Where did iron come from
It is widely believed iron came into the Earth along with meteors. The meteor-borne iron contained about 8% nickel. Evidence of man-made iron was traced as far back as 2500 BC. Bur iron-making did not become widespread until 1200 BC. In the old days iron was used mainly for making trinkets and beads. In order to do that, ancient people had to forge iron at temperatures above 1100 C.
The earth’s surface is made up of about 5.6% of iron. Strange but true: Earth’s core is the richest source of iron.

Early uses of iron
Hematite, an oxide of iron, was widely used by ancient cultures for beads and ornaments. They did that by reducing carbon. However, if reduced at temperatures below 700-800 C, iron is not suitable for forging and must be produced at temperatures above 1100 C. Wrought iron was the first form of iron known to man.

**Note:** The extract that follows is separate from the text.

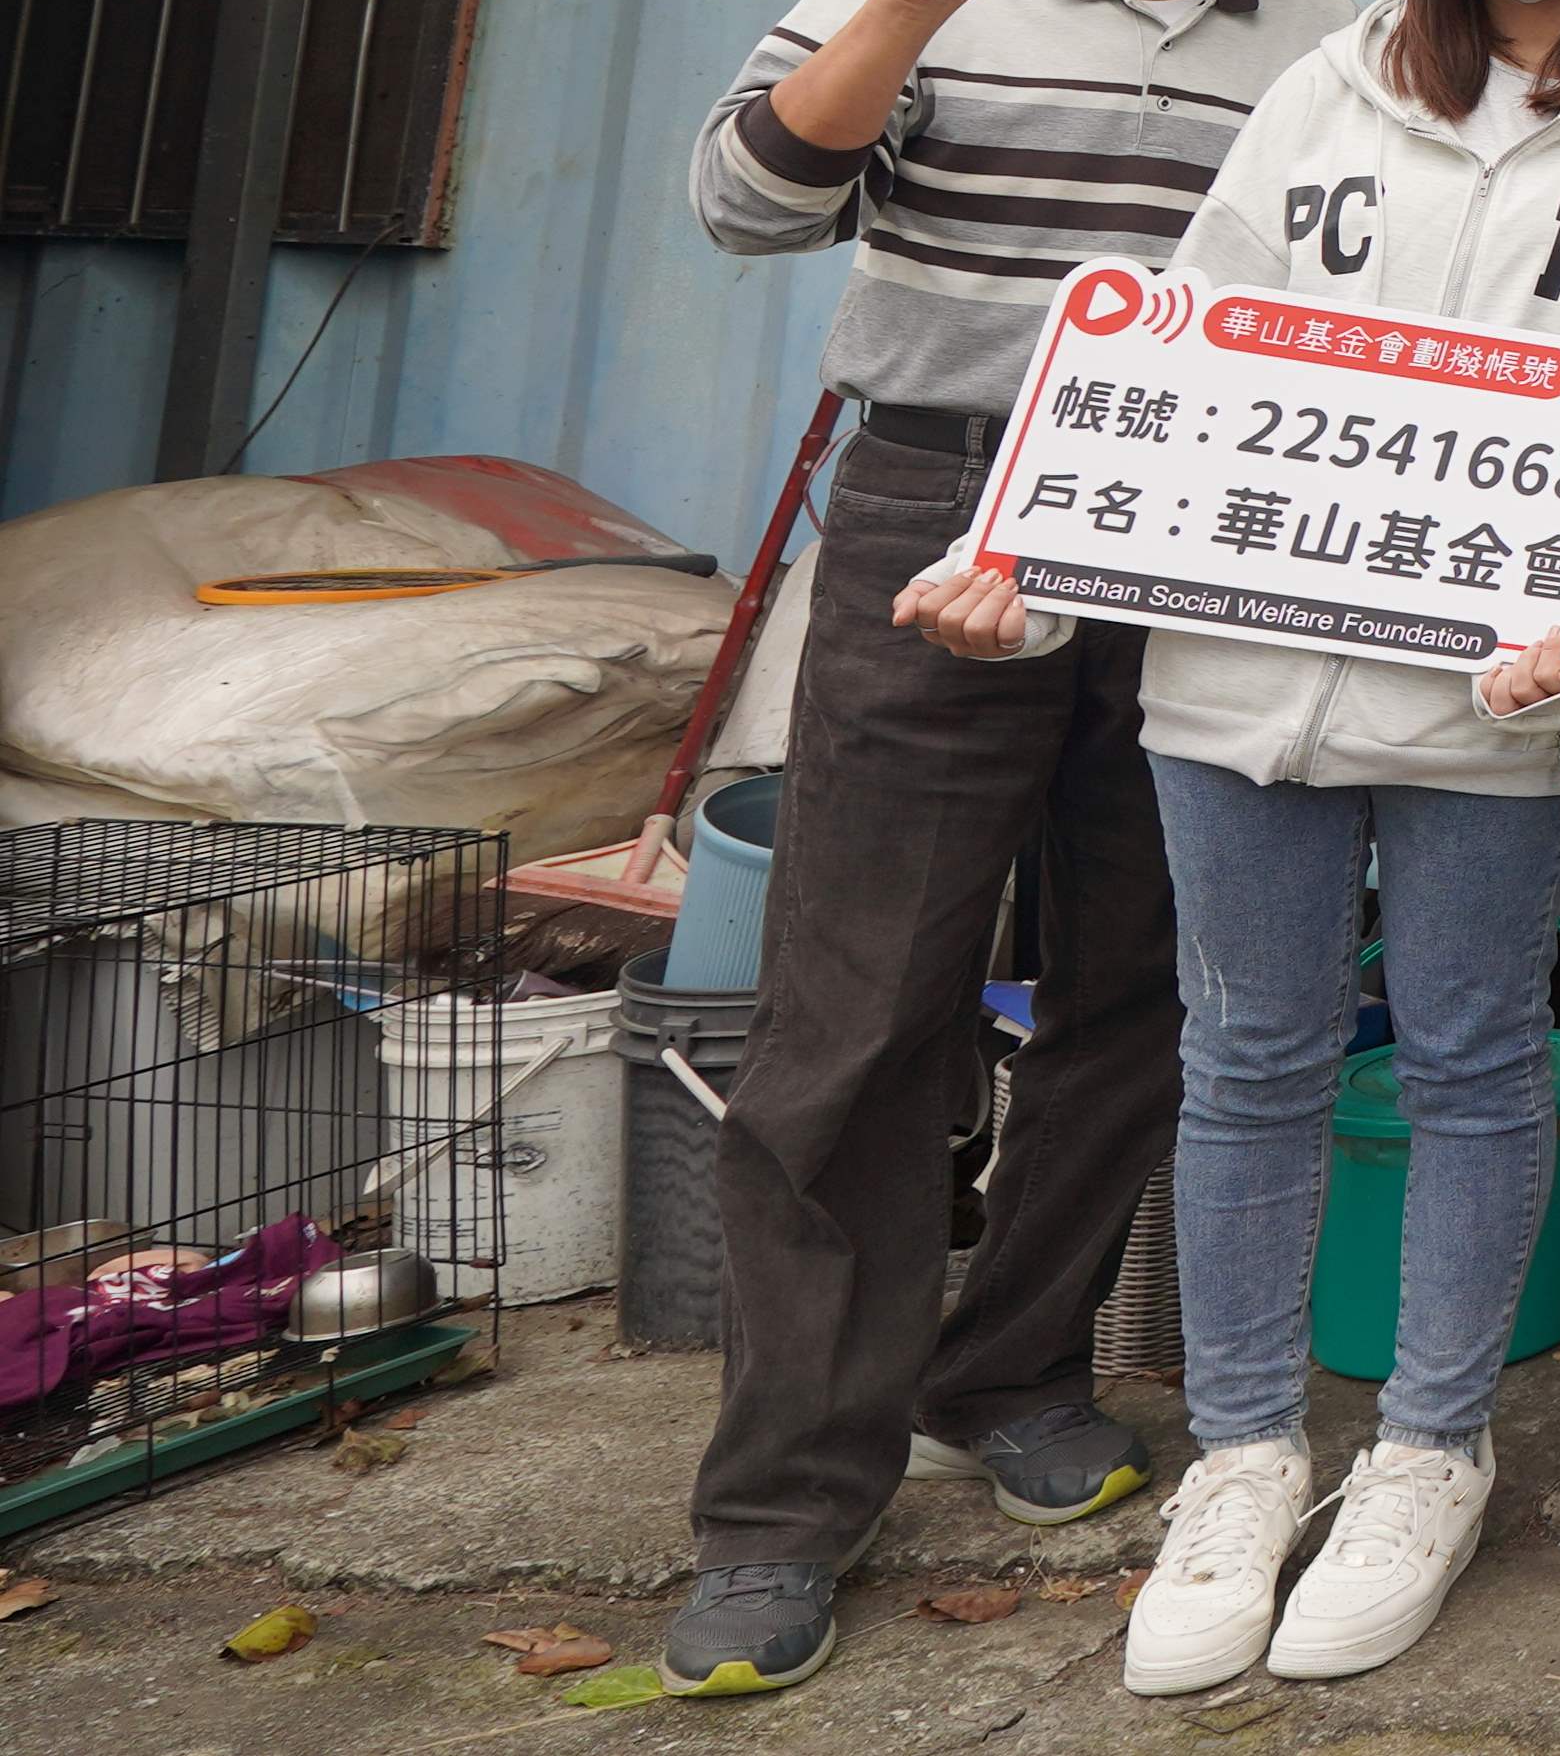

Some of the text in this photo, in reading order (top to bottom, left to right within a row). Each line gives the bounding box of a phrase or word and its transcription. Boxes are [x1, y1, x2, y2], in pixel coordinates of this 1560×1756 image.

[1219, 307, 1560, 391] 華山基金會劃撥帳號
[1021, 565, 1484, 654] Huashan Social Welfare Foundation

It is hard to believe that hundreds of years ago iron was far more expensive than gold.
The use of iron led to the invention of weapons and farming tools. Iron plays a major role in architecture. The oldest standing iron pillar is found in India. The pillar dates back to 400 AD. It is surprisingly almost rust-free. Iron is not found in its pure state. But in Greenland iron is found as lumps in basalt.
Today we know seven kinds of metal: iron, mercury, gold, lead, copper, and tin. Bronze and electrum are considered alloys, or half metals.
Other uses of iron
Iron is made into steel. Steel contains about 0.3 %-1.5% carbon. Other elements combined with iron become useful. When iron is combined with, it does get rusty easily. When iron is combined with nickel, it does not give out to heat and acid. Iron is also used to make buildings, furniture, bridges, computer parts, paper clips and many others.

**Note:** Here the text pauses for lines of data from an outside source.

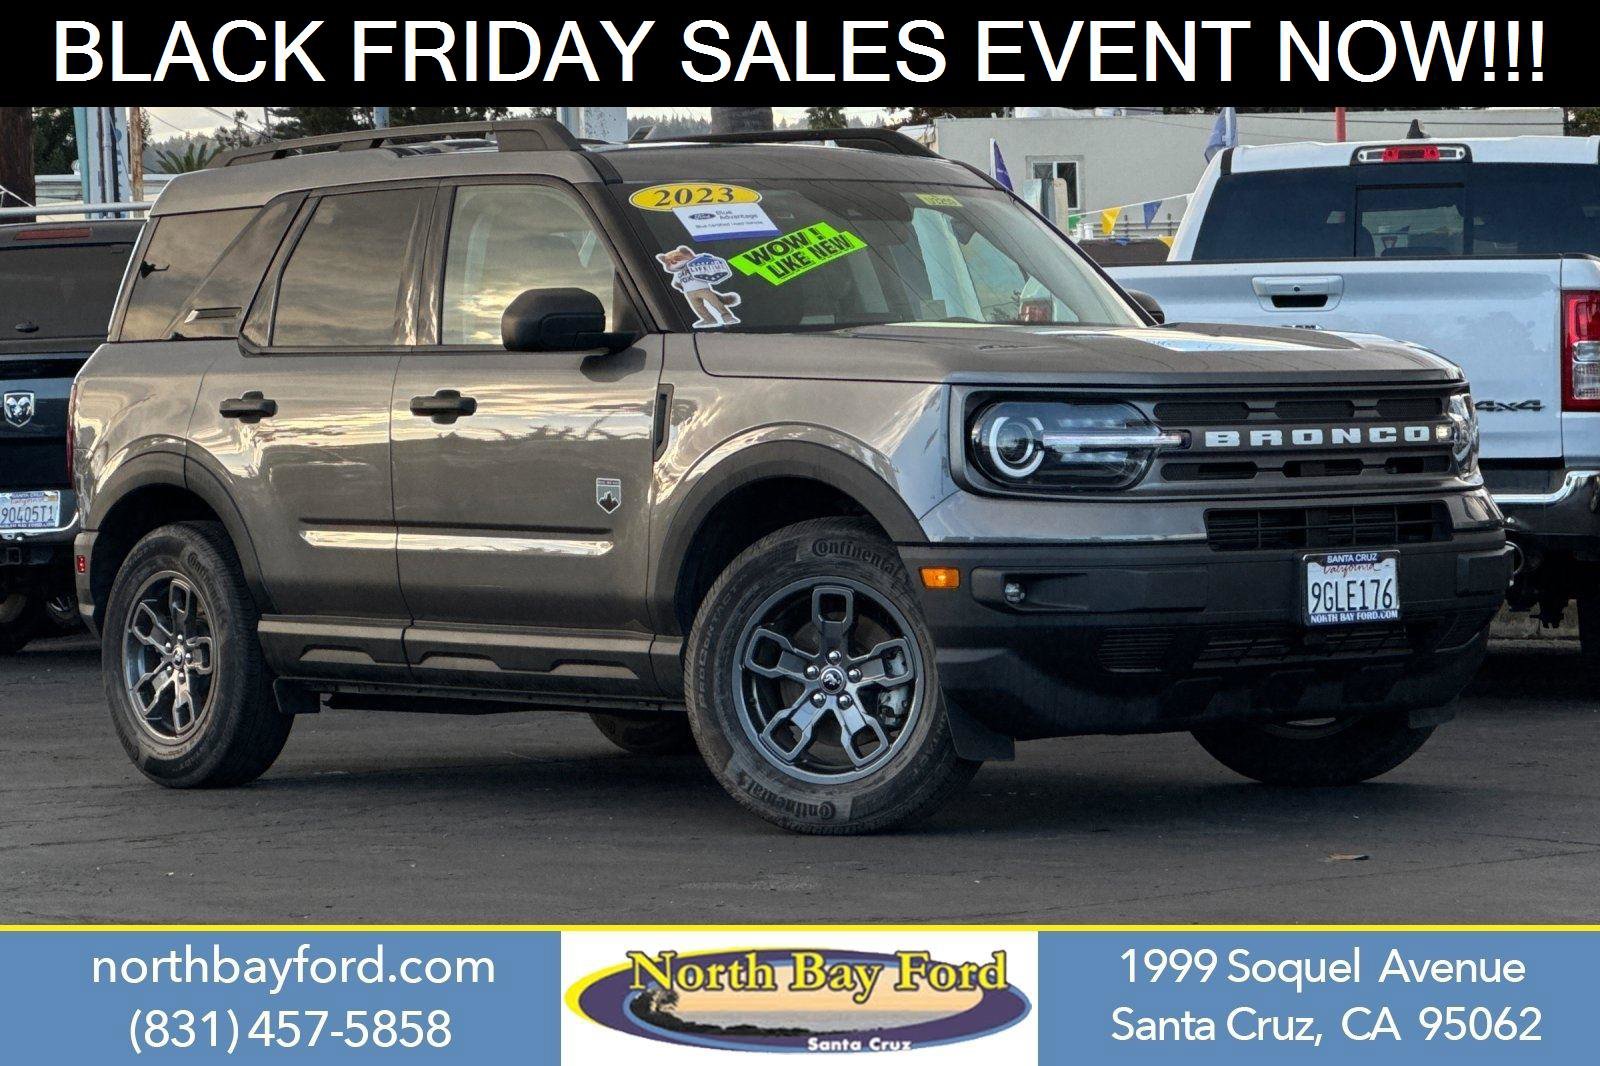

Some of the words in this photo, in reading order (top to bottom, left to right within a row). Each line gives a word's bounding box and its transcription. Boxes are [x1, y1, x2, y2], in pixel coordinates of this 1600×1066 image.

[654, 187, 734, 206] 2023
[742, 233, 810, 266] WOW
[765, 252, 815, 278] LIKE
[810, 236, 850, 261] NEW
[1474, 399, 1546, 412] 4x4
[1205, 426, 1430, 447] BRONCO
[1, 505, 54, 525] 90405T1
[1327, 554, 1354, 563] SANTA
[1355, 553, 1378, 561] CRUZ
[1311, 578, 1393, 613] 9GLE176
[1310, 613, 1338, 624] NORTH
[1340, 612, 1356, 622] BAY
[1356, 610, 1398, 621] FORD.COM

Cast iron is used to make kitchen utensils such as cooking pans, ovens, trays, and other ware. To make steel, iron must combine with an alloy and carbon. Steel usually contains between and 0.3 % to 1.5% carbon.

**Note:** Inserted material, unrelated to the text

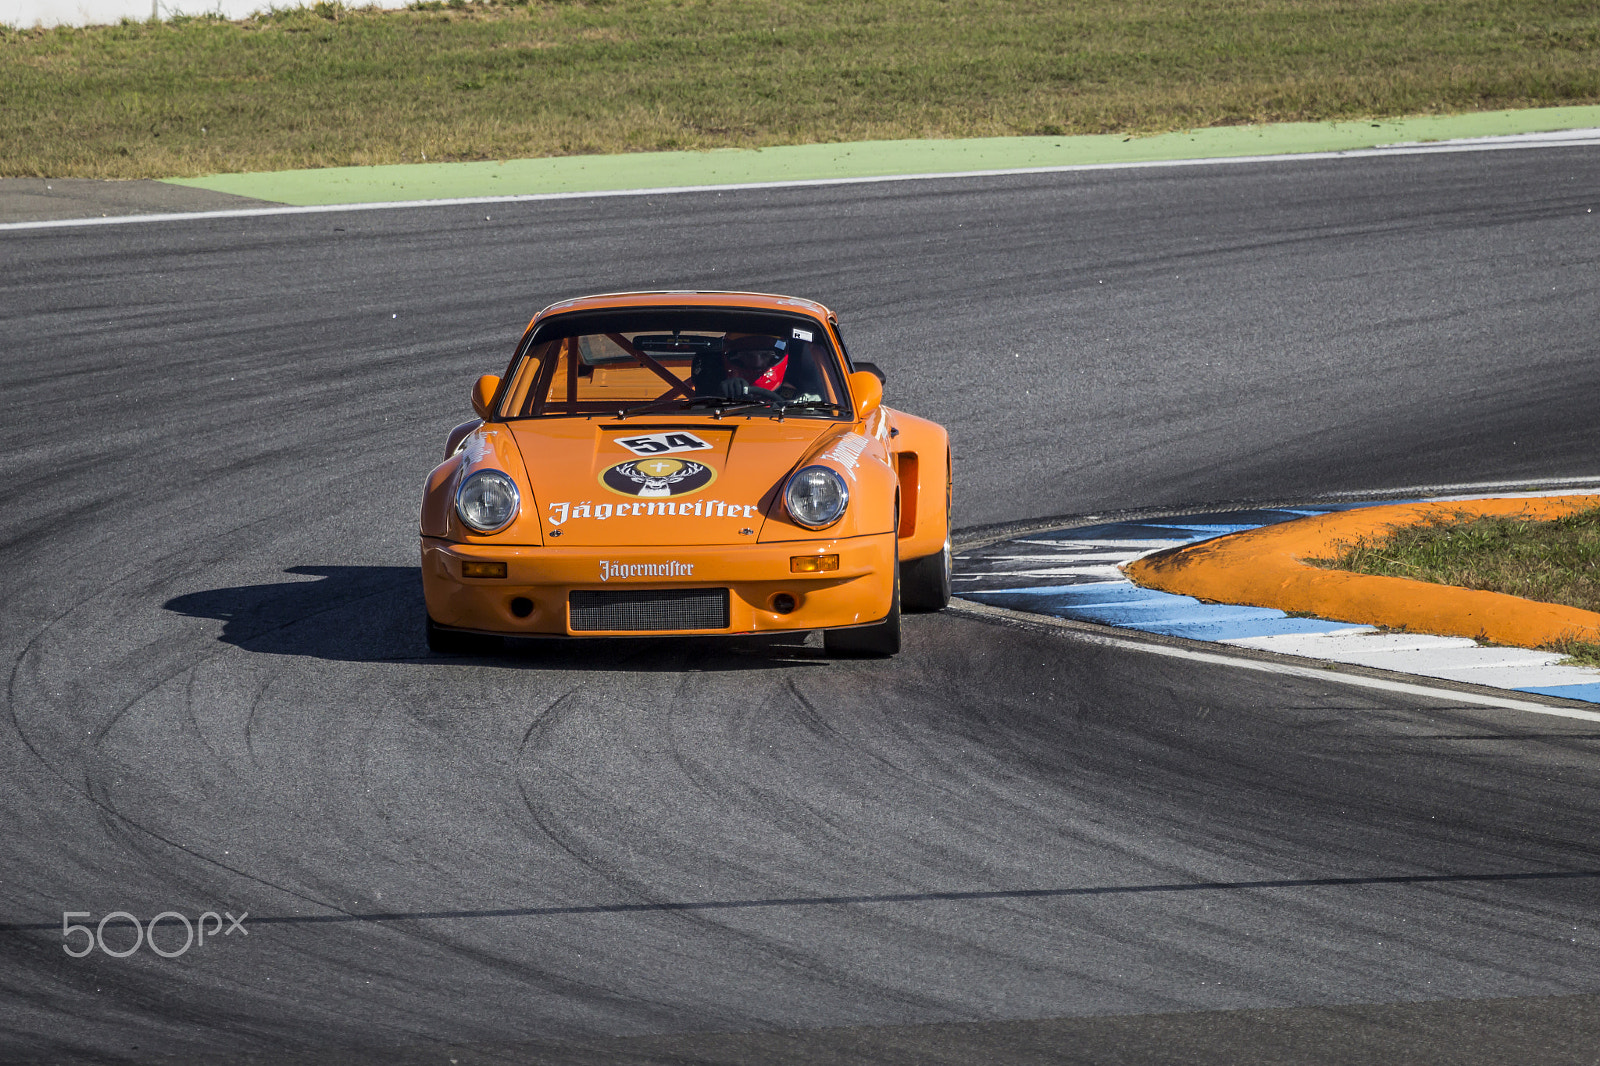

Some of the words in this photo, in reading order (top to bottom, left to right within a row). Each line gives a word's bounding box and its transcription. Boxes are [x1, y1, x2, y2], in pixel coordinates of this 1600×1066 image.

[622, 434, 706, 453] 54
[549, 500, 758, 526] Jägermeister
[599, 560, 694, 582] Jägermeister
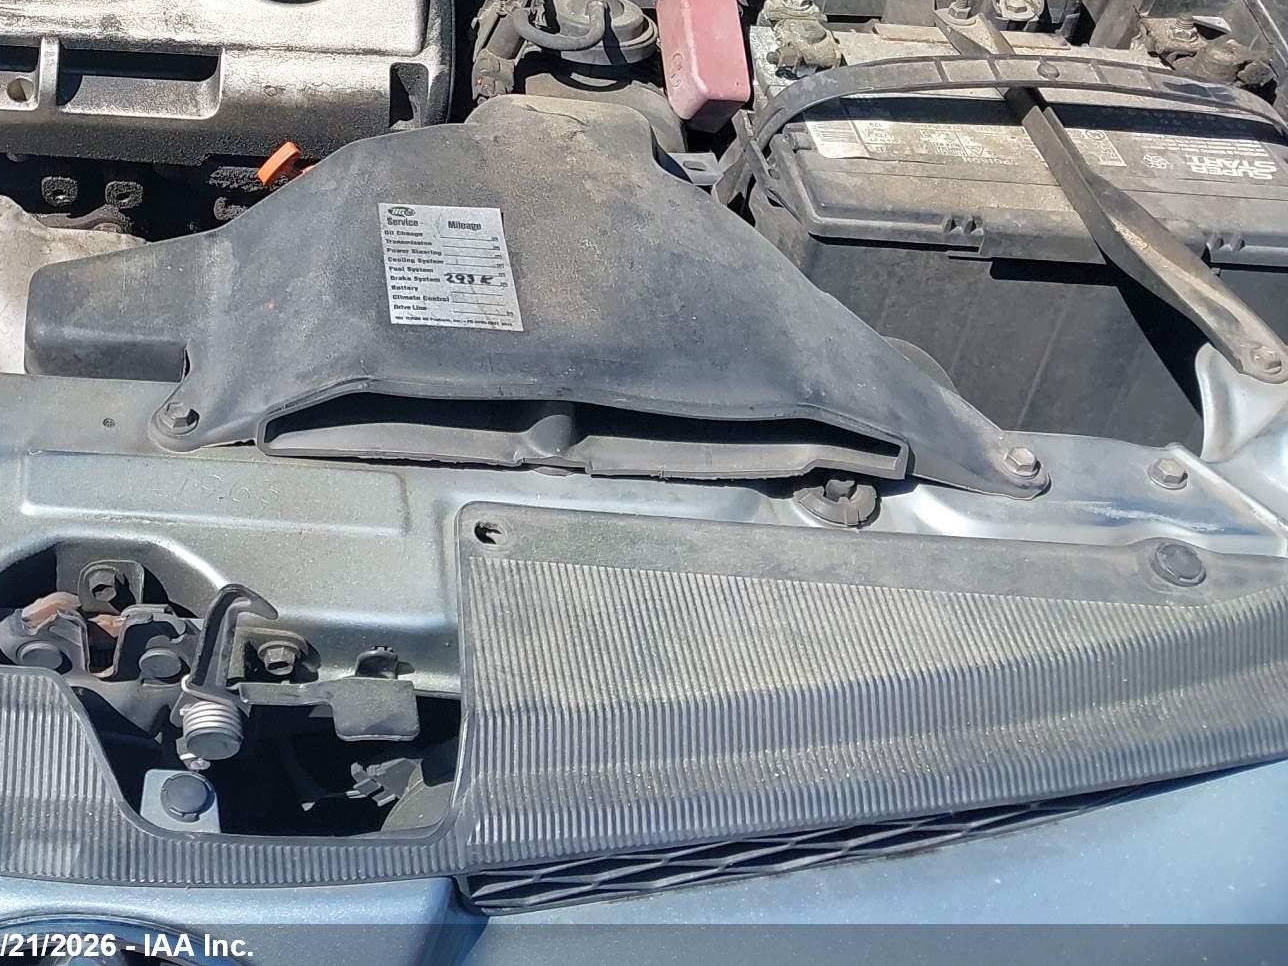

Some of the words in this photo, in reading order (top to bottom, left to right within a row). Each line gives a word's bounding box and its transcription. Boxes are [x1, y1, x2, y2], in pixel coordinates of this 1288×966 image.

It is widely known that iron helps keep animals and plant alive. Iron has a role when plants make chlorophyll. Iron is present in hemoglobin. Iron sulfate is used to treat anemia.
Iron and human health
There are two kinds of iron found in our food: heme iron and non-heme iron. Heme iron comes from fish, red meat, and eggs. The richest source of iron is the liver. Heme iron is better absorbed by the body than non-heme iron. Non-heme iron is found mainly in cereals, raisins, and deep green vegetables.
Iron is vital to the muscles. A lack of iron results in weakness of the body and mind. Our body stores 10 % of all iron taken from foods.